So far, all that’s quiet. But in an internet age of hot takes and impulsive reactions, it’s only a matter of time. In fact, this ministry and others want to reach even more fans, to promote Christian-made fantastical stories and a Christian view of all fantastical stories. So it is inevitable we, and I, will get Associated with sinners no matter what we do.

Realm Makers 2017

One week away. See you there?

How do we address these situations when they arise?

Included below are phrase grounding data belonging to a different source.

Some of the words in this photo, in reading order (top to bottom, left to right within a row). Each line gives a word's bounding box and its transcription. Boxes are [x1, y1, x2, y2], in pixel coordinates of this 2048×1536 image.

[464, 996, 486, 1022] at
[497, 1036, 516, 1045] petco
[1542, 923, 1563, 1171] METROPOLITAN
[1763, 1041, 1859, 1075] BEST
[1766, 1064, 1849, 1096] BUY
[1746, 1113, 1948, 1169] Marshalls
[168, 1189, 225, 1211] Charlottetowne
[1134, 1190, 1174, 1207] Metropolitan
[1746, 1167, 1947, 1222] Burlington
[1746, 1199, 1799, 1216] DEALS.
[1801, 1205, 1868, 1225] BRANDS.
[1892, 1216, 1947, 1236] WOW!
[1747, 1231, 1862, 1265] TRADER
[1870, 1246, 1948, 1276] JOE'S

On a case-by-case basis. In love. With respect and gentleness, yet truth. And always, always, based on Scripture over emotions.

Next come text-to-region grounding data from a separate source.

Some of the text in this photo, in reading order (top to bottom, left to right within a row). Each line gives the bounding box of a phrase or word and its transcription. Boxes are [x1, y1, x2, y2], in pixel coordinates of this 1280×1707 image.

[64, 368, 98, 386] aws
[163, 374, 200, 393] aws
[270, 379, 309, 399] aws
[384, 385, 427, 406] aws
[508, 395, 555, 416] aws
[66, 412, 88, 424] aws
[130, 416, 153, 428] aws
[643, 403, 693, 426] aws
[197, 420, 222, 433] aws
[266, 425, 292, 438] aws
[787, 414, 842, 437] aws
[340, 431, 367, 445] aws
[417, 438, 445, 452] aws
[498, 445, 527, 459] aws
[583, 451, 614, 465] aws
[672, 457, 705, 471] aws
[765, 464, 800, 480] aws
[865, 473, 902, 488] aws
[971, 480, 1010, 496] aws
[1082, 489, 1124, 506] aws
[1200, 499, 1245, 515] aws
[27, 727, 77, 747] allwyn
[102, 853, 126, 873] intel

Especially as we head into the Realm Makers conference next week (Reno, Nevada, July 26-30!), please pray for this ministry of Speculative Faith. Pray for all of our writers and allies, and their various Associations with others. Pray for the Realm Makers organizers! And pray for the success of our future projects, for Jesus’s sake and our readers’ glorification of Him.

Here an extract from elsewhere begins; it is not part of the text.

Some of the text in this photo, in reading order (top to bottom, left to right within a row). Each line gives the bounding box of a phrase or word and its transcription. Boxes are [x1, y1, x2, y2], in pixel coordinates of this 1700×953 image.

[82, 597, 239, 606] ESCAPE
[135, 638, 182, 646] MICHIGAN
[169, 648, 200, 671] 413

  1. “Sexualityism” is my term for the nation’s fastest-growing religion. Its believers value sexual preferences and expressions as the highest purpose of humanity. They view as their enemies any other religious believers who hold other values or gods as higher.
  2. All Christians are missionaries, whether in their immediate area, or in faraway lands.
  3. Night one (video): Hosted by a biblical church, not in the worship service, and with free tickets and promotion so people knew what they were getting. Dr. White asked Dr. Qadhi questions about Islam so the audience could understand this religion better. Night two (video): Hosted by an Islamic center nearby. This time, Dr. Qadhi asked Dr. White questions about Christianity, including specific questions about Jesus and the gospel, so their Muslim audience could understand Christianity better. Despite similarities to an “interfaith dialogue,” in which (liberal?) players cover over their differences and make nice, at no time did doctors Qadhi or White dismiss their differences. They acknowledged them openly, and by the end even addressed a big question: how do you love and serve your other-religious neighbor when you and he both believe the other is literally going to Hell someday?
  4. Mark 2:16-17 (ESV).
  5. 1 Corinthians 5:9-13 (ESV).
  6. 2 John 9-11, ESV.
  7. I’ve found Dr. James White’s reminder about this text helpful at 2 John 9-11 Examined. Many people have thrown this text against White for his supposed “receiving” of Qadhi into God’s house to teach. But as White points out, Qadhi was never presented as a Christian teacher in the way the apostle John condemns. They made their differences very clear.
E. Stephen Burnett explores fantastical stories for God’s glory as publisher of and its weekly Fantastical Truth podcast. He coauthored The Pop Culture Parent and creates other resources for fans and families, serving with his wife, Lacy, in their central Texas church. Stephen's first novel, a science-fiction adventure, launches in 2025 from Enclave Publishing.
  1. notleia says:

    The moral I take from this (very probably the unintended one) is that if you’re gonna piss someone off, might as well do what you figure is best. To quote Uncle Kurt Vonnegut (he’s everyone’s cool/weird, cussing uncle!):
    “Hello babies. Welcome to Earth. It’s hot in the summer and cold in the winter. It’s round and wet and crowded. On the outside, babies, you’ve got a hundred years here. There’s only one rule that I know of, babies — ‘G** d**n it, you’ve got to be kind.'”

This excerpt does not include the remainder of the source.